Combat Counter-Productivity



There is a direct relationship between the amount of time you spend sleeping and your efficiency. It turns out that decreasing sleep by as little as 1.5 hours for just one night reduces daytime alertness by 32 percent. In addition, people who get less than six hours of sleep per night have a 70 percent higher mortality rate than those who get seven or eight hours a night. Given these statistics, it's not surprising that a study at UCLA concluded that sleep's primary function is to "increase efficiency and minimize risk by regulating the duration and timing of behavior."


Humans spend about one-third of their lives sleeping, but it's surprising that many executives still do not allow themselves to get enough sleep, insisting that they need to burn the proverbial midnight oil to keep up with their workload. Unfortunately, what occurs is counter-productivity - the exact opposite of the intended result.


It's no surprise that sleep improves memory and learning, but most individuals who do not get enough sleep are unable to recognize the effects of their lack of sleep on their mental health. And lack of sleep can be dangerous - some statistics show that almost 20 percent of US traffic accidents occur due to driver fatigue. Chronic fatigue along with a myriad of other symptoms, are caused by lack of sleep. Here are a few other areas affected by lack of sleep that ultimately contribute to poor efficiency both on the job and at home.


  1. Thinking.
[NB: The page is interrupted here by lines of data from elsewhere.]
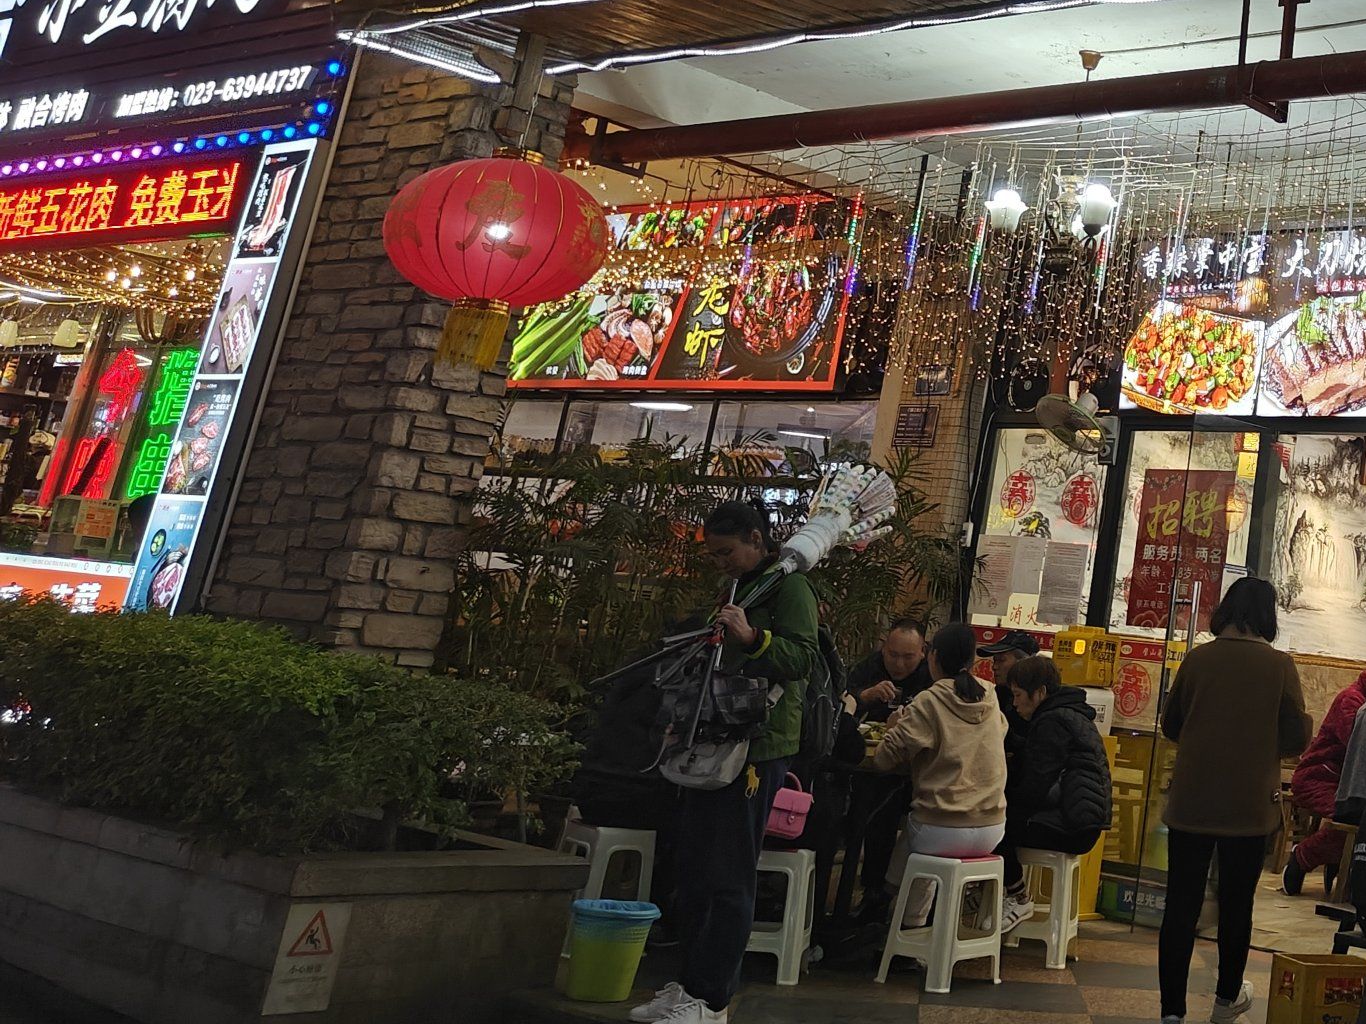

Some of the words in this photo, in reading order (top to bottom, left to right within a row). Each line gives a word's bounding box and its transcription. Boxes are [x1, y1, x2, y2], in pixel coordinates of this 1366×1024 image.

[684, 275, 730, 368] 龙虾
[1147, 489, 1226, 539] 招聘
[1142, 544, 1182, 562] 服务员
[1196, 547, 1222, 563] 两名
[1010, 604, 1053, 627] 消火
Lack of sleep leads to reduced capacity of attention and concentration. This may lead to difficulties in making decisions or making the wrong decisions.
  2. Memory. Nerve connections needed in memory are able to recover and harden during sleep. If you don't get enough sleep, you are more likely to forget things. Sleep is necessary to enable the storage of experiences and knowledge into short-term memory. If you're not sleeping enough, you're not remembering enough.
  3. Difficulty learning new things. Lack of sleep makes learning more difficult because of an inability to focus. This leads to impaired memory. Studies have also shown that lack of sleep can contribute to hyperactivity in children.
  4. Mood. If you're irritable, angry, or unable to handle normal stresses of the day, lack of sleep may be to blame.
  5. Low energy. Lack of sleep creates less energy to do more of the healthy things in life such as exercising and eating a well-balanced diet.
  6. Depression. Fatigue caused from lack of sleep increases the risk of depression. A University of North Texas study found that people with insomnia are ten percent more likely to develop depression and 17 times more likely to have anxiety.
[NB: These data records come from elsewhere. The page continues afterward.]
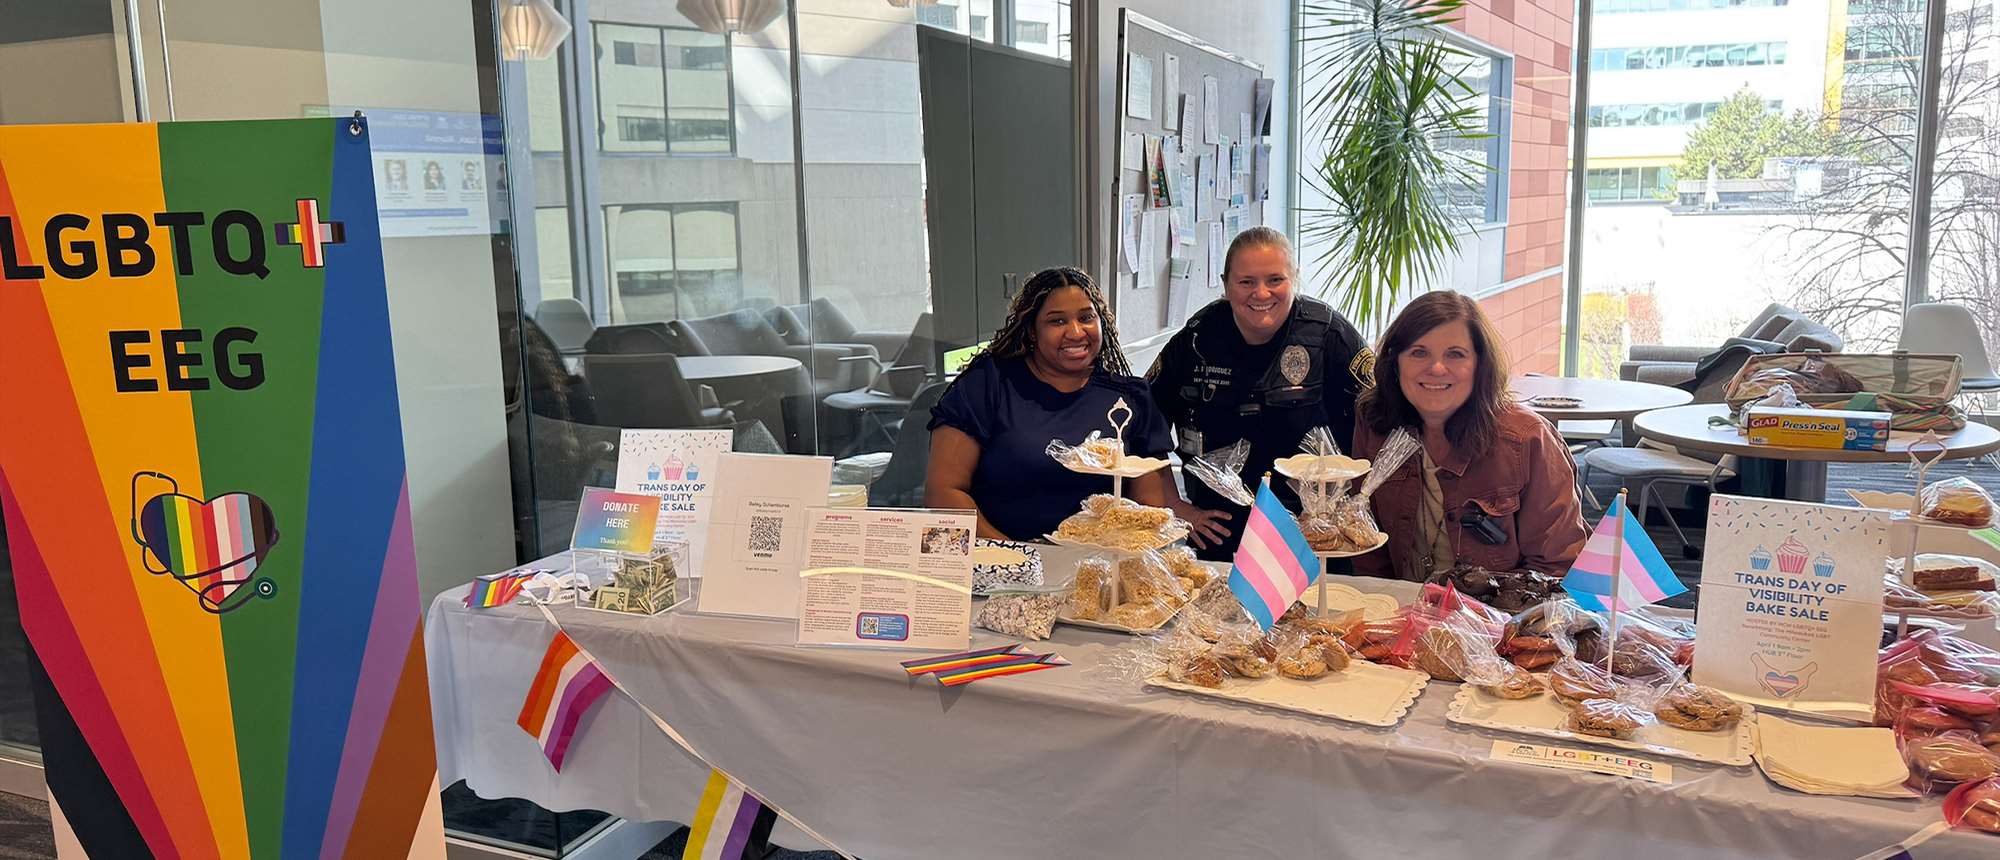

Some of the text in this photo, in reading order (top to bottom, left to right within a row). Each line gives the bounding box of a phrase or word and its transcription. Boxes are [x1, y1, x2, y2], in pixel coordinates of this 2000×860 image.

[109, 326, 266, 393] EEG
[1819, 422, 1841, 432] Seal
[637, 483, 707, 492] TRANS DAY OF
[602, 501, 640, 513] DONATE
[671, 503, 696, 511] SALE
[606, 517, 631, 529] HERE
[1734, 572, 1848, 595] TRANS DAY OF
[618, 591, 625, 605] 20
[1749, 588, 1825, 606] VISIBILITY
[1745, 601, 1830, 622] BAKE SALE
So how do you know if you're getting enough sleep? The best indicator is when you awake in the morning and you don't feel sleepy. You should be energetic throughout the day and feel more tired as the day progresses. If this doesn't describe you, then you're not getting enough sleep.

Pursuit of Profit


Owed to Sleep



Can you make up for lost sleep? Many studies indicate that this cannot be done. Just as you would spend time proactively planning projects and strategies, being proactive about sleep is the best defense against lack of sleep. It's much easier to maintain a healthy (proactive) sleep pattern than it is to try and catch up (reactive). 


You owe your time to sleep to ensure that you are functioning at your best all the time. To help you achieve optimal functioning at work, here are some tips to help you get and stay asleep for maximum performance.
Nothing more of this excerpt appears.